START LISTED RECORDS

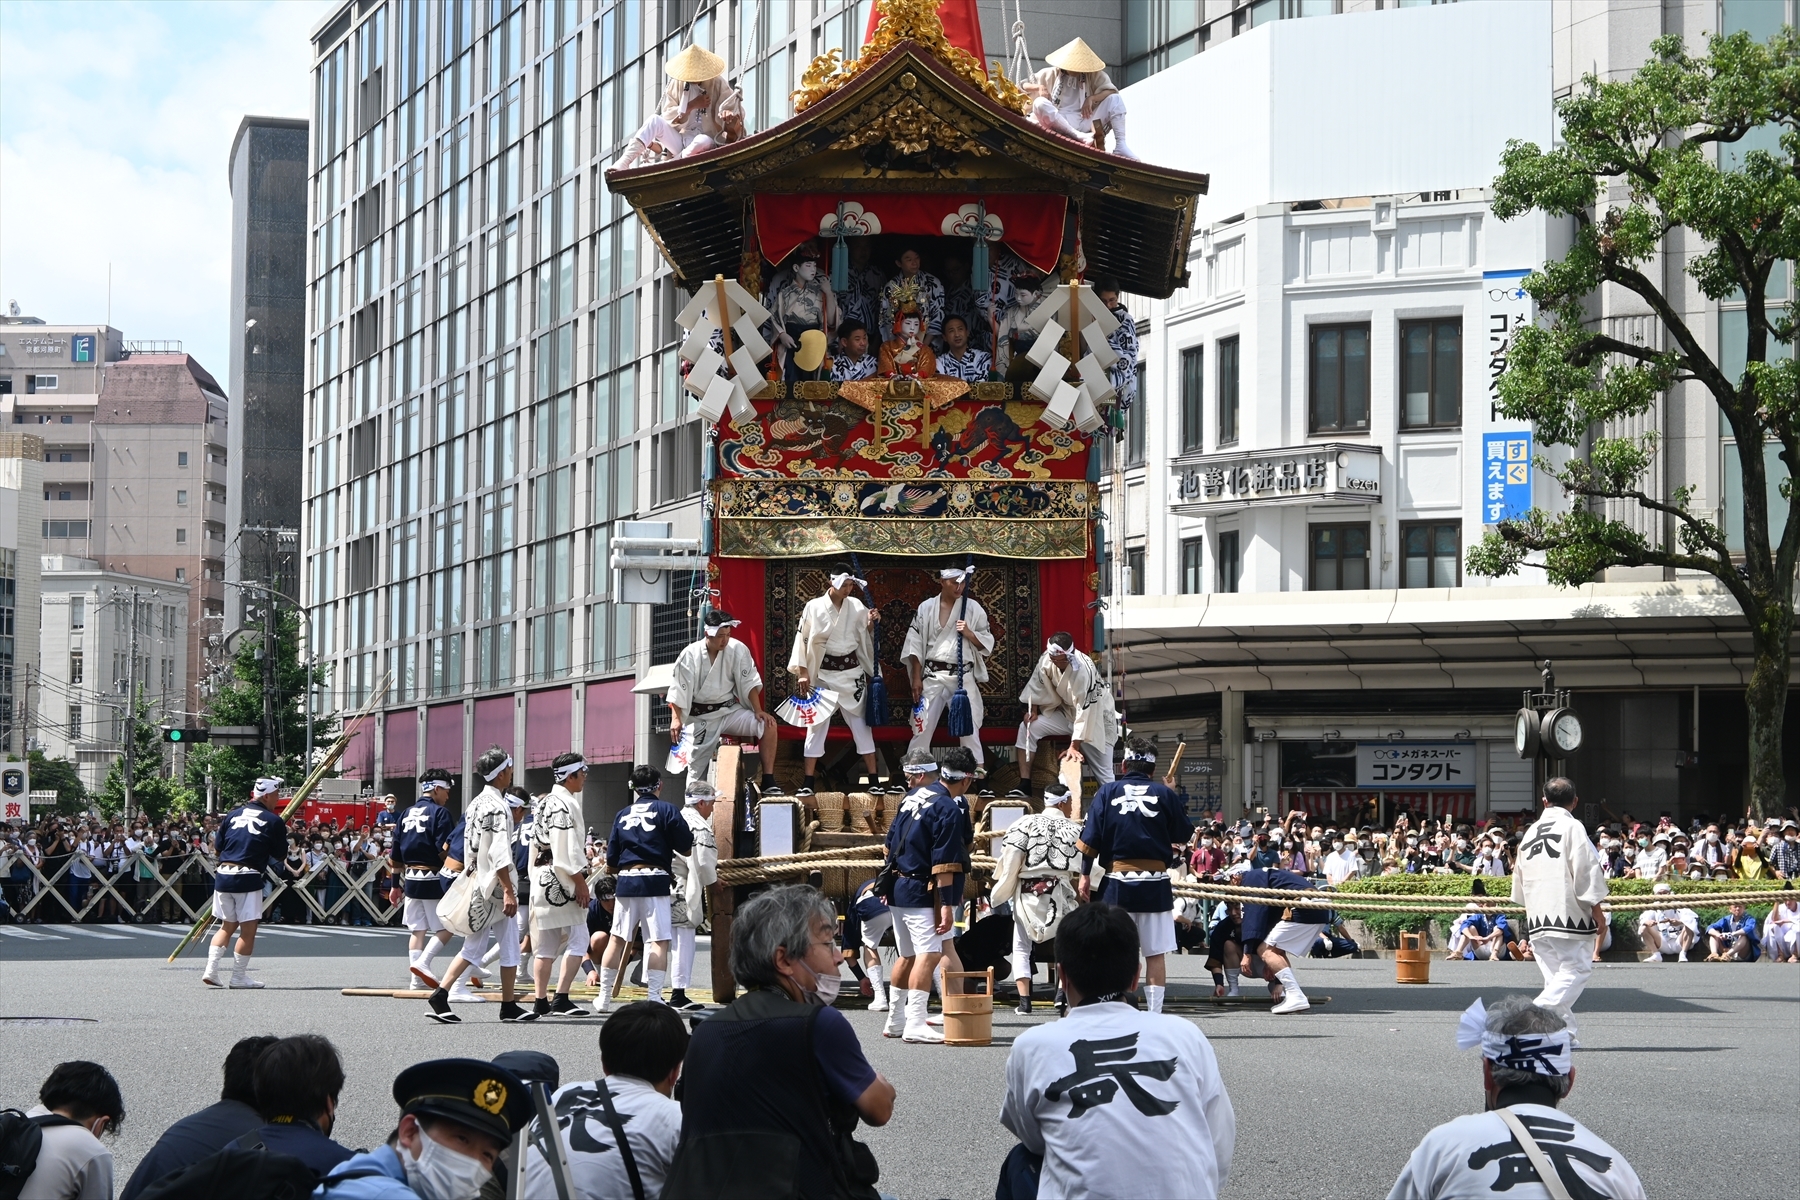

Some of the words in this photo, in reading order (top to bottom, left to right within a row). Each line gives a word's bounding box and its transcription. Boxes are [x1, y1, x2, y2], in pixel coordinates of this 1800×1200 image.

[26, 346, 61, 354] 京都河原町
[1509, 442, 1525, 482] すぐ
[1177, 458, 1327, 499] 池善化粧品店
[1487, 441, 1506, 521] 買えます
[1401, 750, 1461, 759] メガネスーパー
[1373, 763, 1461, 781] コンタクト
[5, 802, 22, 820] 救
[1044, 1031, 1182, 1119] 長

END LISTED RECORDS

The aim is an exact repeat of the entire listing, stripped of pictures.

Some of the words in this photo, in reading order (top to bottom, left to right within a row). Each line gives a word's bounding box and its transcription. Boxes are [x1, y1, x2, y2], in pixel coordinates of this 1800×1200 image.

[26, 346, 61, 354] 京都河原町
[1509, 442, 1525, 482] すぐ
[1177, 458, 1327, 499] 池善化粧品店
[1487, 441, 1506, 521] 買えます
[1401, 750, 1461, 759] メガネスーパー
[1373, 763, 1461, 781] コンタクト
[5, 802, 22, 820] 救
[1044, 1031, 1182, 1119] 長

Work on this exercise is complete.